• [WORK INSTRUCTIONS]
Exclude all pictures, then restate the entries below word for word.

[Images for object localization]

++++

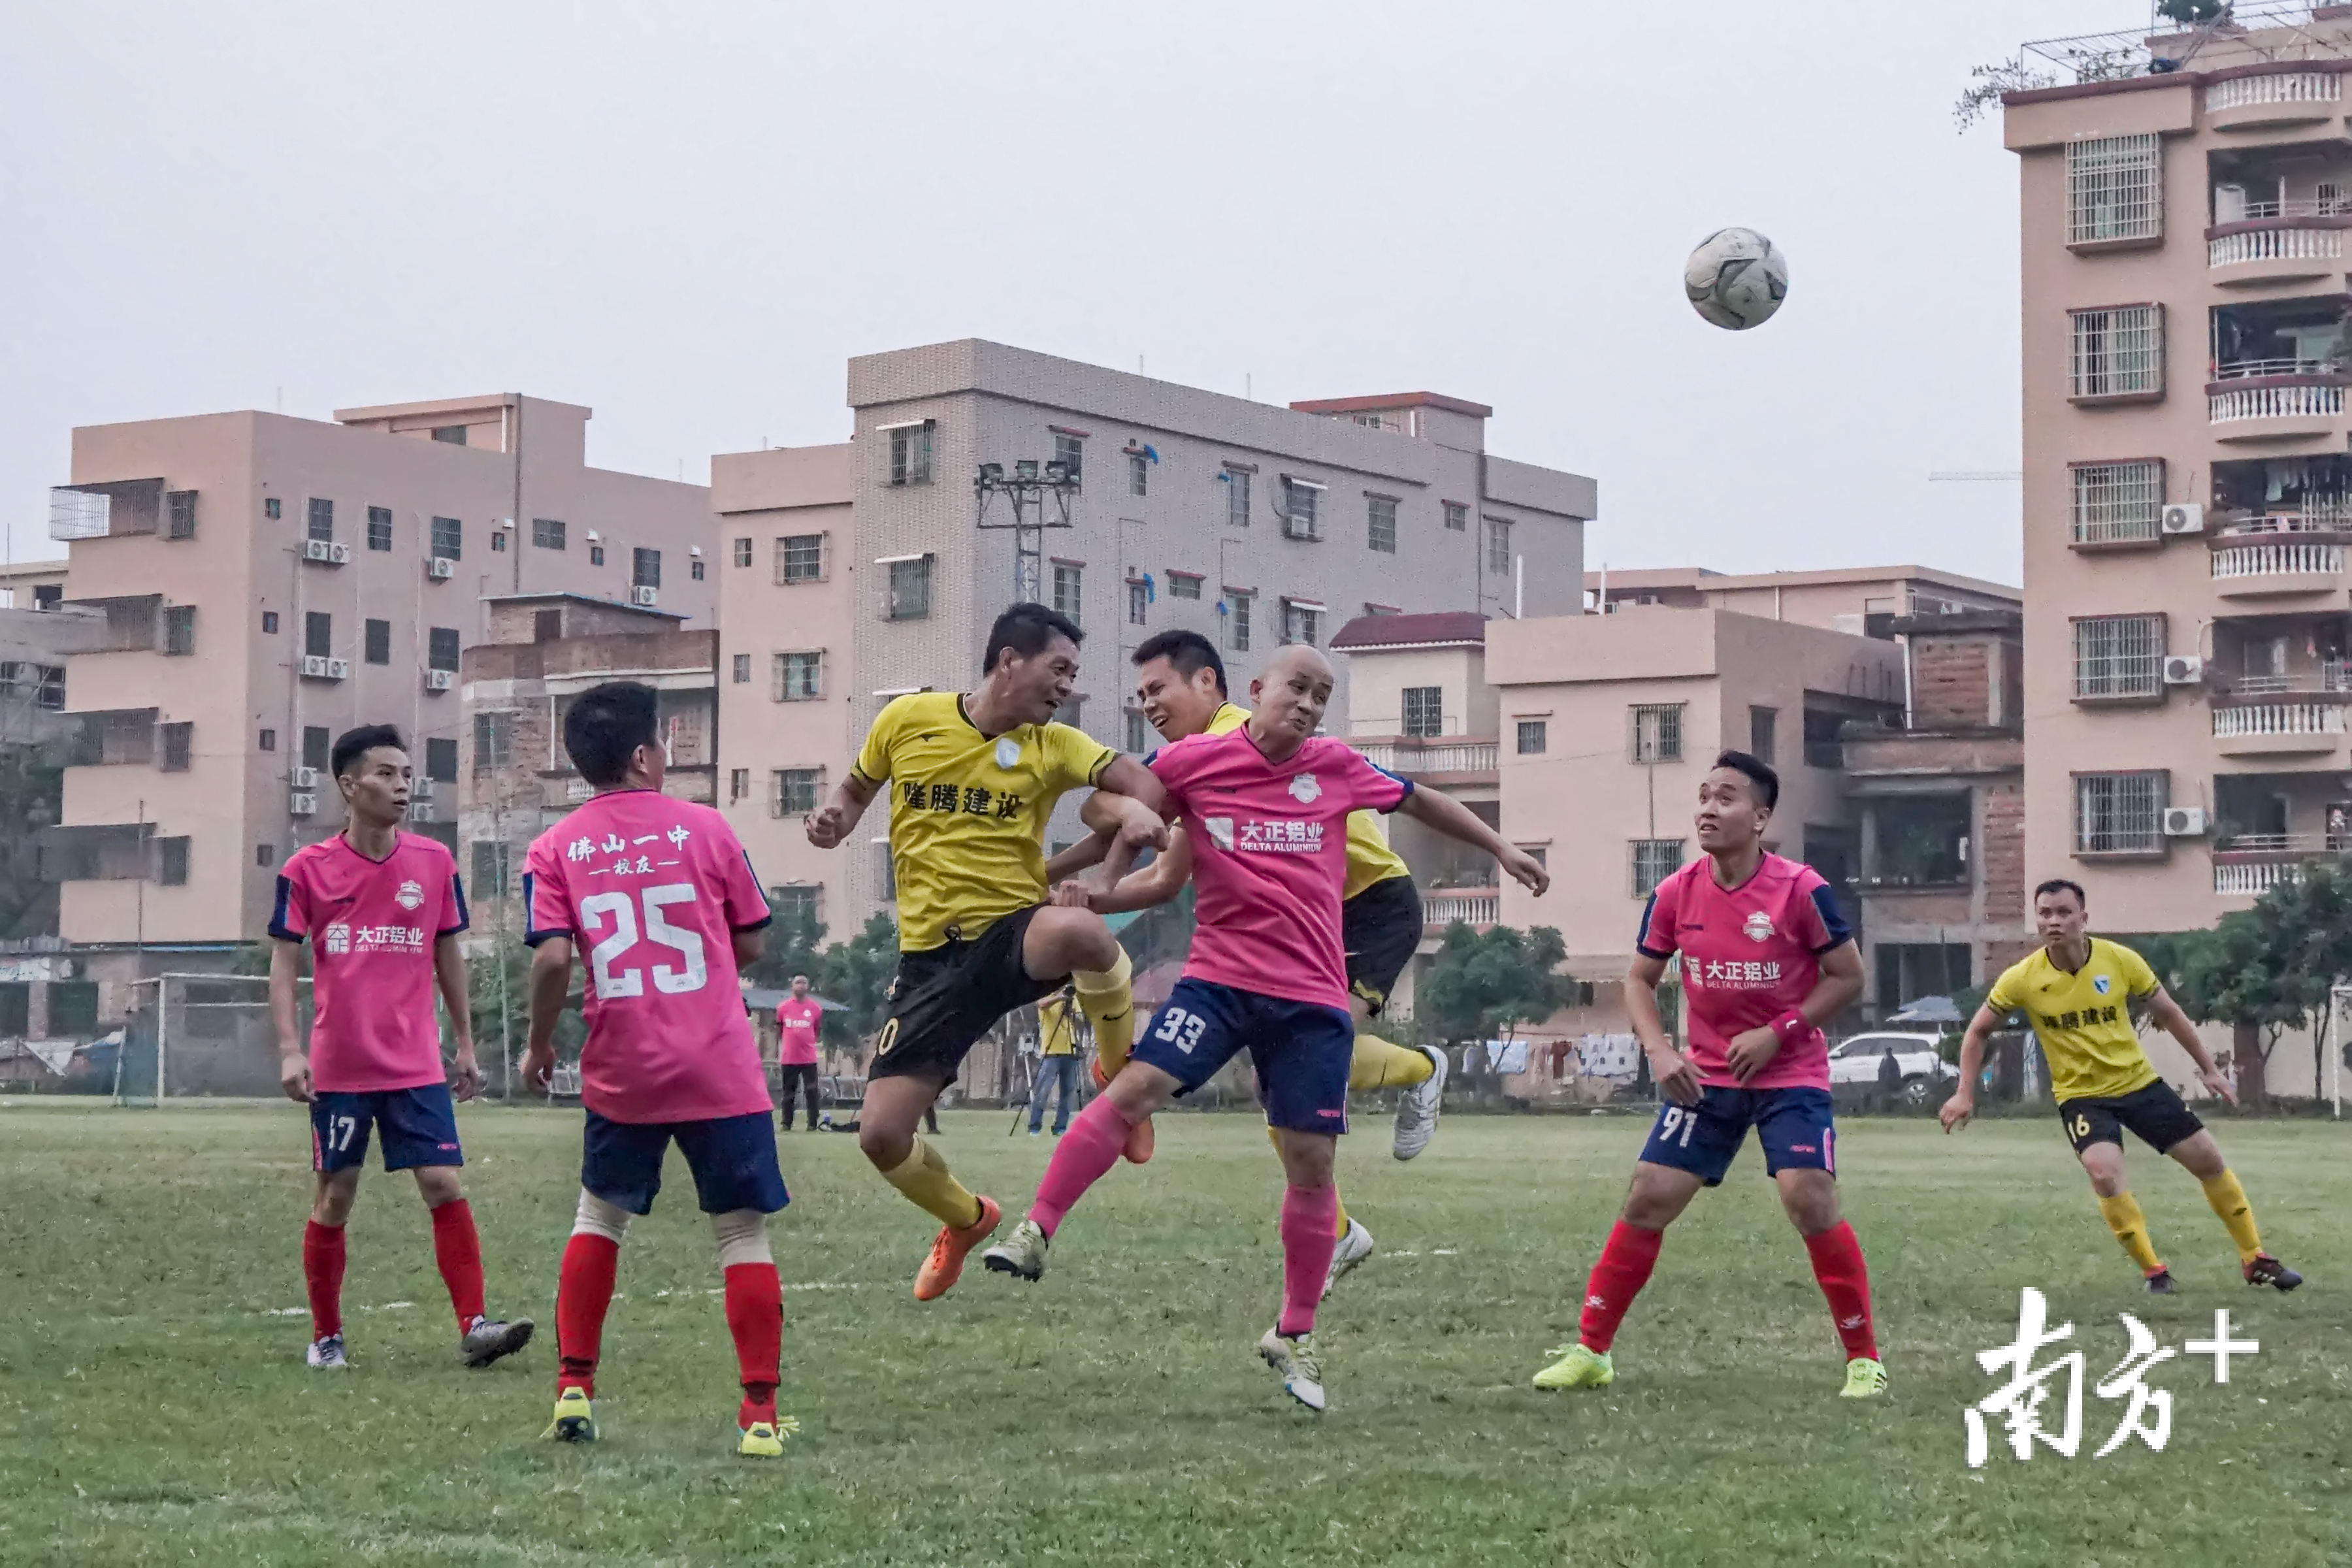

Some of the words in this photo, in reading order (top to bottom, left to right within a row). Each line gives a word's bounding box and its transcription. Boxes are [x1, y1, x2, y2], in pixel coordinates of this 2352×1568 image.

[904, 783, 1022, 819] 隆腾建设
[567, 825, 690, 862] 佛山一中
[1240, 841, 1271, 851] DELTA
[1241, 820, 1324, 842] 大正铝业
[356, 925, 423, 946] 大正铝业
[580, 883, 708, 1000] 25
[1706, 959, 1781, 981] 大正铝业
[1155, 1007, 1206, 1054] 33
[329, 1114, 355, 1151] 17
[1659, 1107, 1698, 1148] 91
[2068, 1114, 2090, 1143] 16

++++

• [ANSWER TO THIS PROBLEM]
Some of the words in this photo, in reading order (top to bottom, left to right within a row). Each line gives a word's bounding box and its transcription. Boxes are [x1, y1, x2, y2], in pixel coordinates of this 2352×1568 image.

[904, 783, 1022, 819] 隆腾建设
[567, 825, 690, 862] 佛山一中
[1240, 841, 1271, 851] DELTA
[1241, 820, 1324, 842] 大正铝业
[356, 925, 423, 946] 大正铝业
[580, 883, 708, 1000] 25
[1706, 959, 1781, 981] 大正铝业
[1155, 1007, 1206, 1054] 33
[329, 1114, 355, 1151] 17
[1659, 1107, 1698, 1148] 91
[2068, 1114, 2090, 1143] 16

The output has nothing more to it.